Incorporating seasonal flooding into frameworks modelling geographical access to health services

Seasonal floods are an important barrier to healthcare access in low-income countries, with recognised implications of increased morbidity and mortality. Effective interventions require detailed understanding of how flood inundation alters patterns and magnitudes of inaccessibility through space and time. Despite recognition of the importance of seasonal floods, few have previously modelled their impacts on geographic access. This study developed a new framework for incorporating quantitative measurements of floodwater depth and velocity into network analysis and cost-distance algorithms. The new approach directly calculates flood hazard to vehicular and walking access as it changes through space and time, permitting more realistic representation of floods as a barrier without substantially inflating data requirements or relying on inappropriate assumptions from urban, high-income regions.
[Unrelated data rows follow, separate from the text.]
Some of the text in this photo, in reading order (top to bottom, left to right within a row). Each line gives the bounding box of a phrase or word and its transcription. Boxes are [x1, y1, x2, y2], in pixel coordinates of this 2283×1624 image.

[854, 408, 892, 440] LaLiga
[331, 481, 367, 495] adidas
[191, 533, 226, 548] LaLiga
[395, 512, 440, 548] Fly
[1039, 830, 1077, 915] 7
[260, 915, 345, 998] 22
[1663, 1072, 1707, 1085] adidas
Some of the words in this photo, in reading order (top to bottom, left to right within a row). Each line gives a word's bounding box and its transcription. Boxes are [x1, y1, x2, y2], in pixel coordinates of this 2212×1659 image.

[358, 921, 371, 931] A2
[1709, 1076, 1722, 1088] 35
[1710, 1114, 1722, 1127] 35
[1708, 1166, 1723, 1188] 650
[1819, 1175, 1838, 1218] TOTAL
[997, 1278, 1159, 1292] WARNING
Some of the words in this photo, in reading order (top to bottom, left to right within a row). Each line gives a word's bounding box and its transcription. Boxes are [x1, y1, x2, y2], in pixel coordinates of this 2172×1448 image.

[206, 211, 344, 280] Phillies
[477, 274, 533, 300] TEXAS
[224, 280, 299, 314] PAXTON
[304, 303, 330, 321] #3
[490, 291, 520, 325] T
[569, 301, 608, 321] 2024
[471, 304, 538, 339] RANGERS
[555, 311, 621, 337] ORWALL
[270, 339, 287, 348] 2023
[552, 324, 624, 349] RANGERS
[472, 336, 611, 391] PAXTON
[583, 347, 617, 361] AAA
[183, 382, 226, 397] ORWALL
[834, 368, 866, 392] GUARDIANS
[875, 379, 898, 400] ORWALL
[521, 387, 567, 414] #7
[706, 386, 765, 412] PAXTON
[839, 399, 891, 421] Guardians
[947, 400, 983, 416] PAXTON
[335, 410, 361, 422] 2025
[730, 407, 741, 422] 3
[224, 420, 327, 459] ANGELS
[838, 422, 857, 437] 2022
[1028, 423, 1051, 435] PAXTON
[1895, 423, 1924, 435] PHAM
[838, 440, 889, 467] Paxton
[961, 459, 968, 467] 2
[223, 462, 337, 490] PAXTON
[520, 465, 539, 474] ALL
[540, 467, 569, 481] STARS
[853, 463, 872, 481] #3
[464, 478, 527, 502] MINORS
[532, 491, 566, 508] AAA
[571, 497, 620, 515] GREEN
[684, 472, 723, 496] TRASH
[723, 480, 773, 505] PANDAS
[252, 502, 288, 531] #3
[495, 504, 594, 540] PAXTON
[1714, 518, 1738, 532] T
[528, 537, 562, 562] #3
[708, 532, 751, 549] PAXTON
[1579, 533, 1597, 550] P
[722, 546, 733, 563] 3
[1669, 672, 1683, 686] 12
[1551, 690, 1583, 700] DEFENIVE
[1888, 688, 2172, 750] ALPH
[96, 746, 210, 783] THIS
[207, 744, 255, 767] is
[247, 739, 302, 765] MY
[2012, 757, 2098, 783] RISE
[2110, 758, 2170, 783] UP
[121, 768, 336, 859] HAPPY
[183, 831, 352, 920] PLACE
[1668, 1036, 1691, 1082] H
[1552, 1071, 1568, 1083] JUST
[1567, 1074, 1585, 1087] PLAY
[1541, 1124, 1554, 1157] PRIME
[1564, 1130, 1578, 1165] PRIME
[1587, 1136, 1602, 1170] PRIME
The new approach was demonstrated in the Barotse Floodplain, a large African floodplain in Zambia. Floodwater variables were obtained from a hydrodynamic model, and all other inputs were sourced from freely-available datasets or manually delineated. Monthly scenarios were produced between October 2017 and October 2018, capturing the spatio-temporal impacts of one annual flood event on access to healthcare and specifically to maternal services. Access was shown to dynamically change through space and time as the seasonal floodwave passed through the floodplain, with substantial drops in access experienced at the peak of the floods. The new approach provided unprecedented, detailed information regarding the onset, duration, and cessation of flood impacts. Previous static approaches were shown to be unable to recreate the dynamism of access under floodwaters. The use of a hydrodynamic model is advantageous over satellite-derived flood extents and has the potential to predict future impacts of climate change on access. This research has demonstrated the importance of modelling spatio-temporal variability in access for regions affected by seasonal flooding and the framework can be applied to other regions to aid in intervention planning and build future health system resilience. Future research should continue to reduce the gap in knowledge of how floods affect access, integrate qualitative and quantitative data to address access through an interdisciplinary approach, and investigate what scale of data are needed for accurate results at different areal units.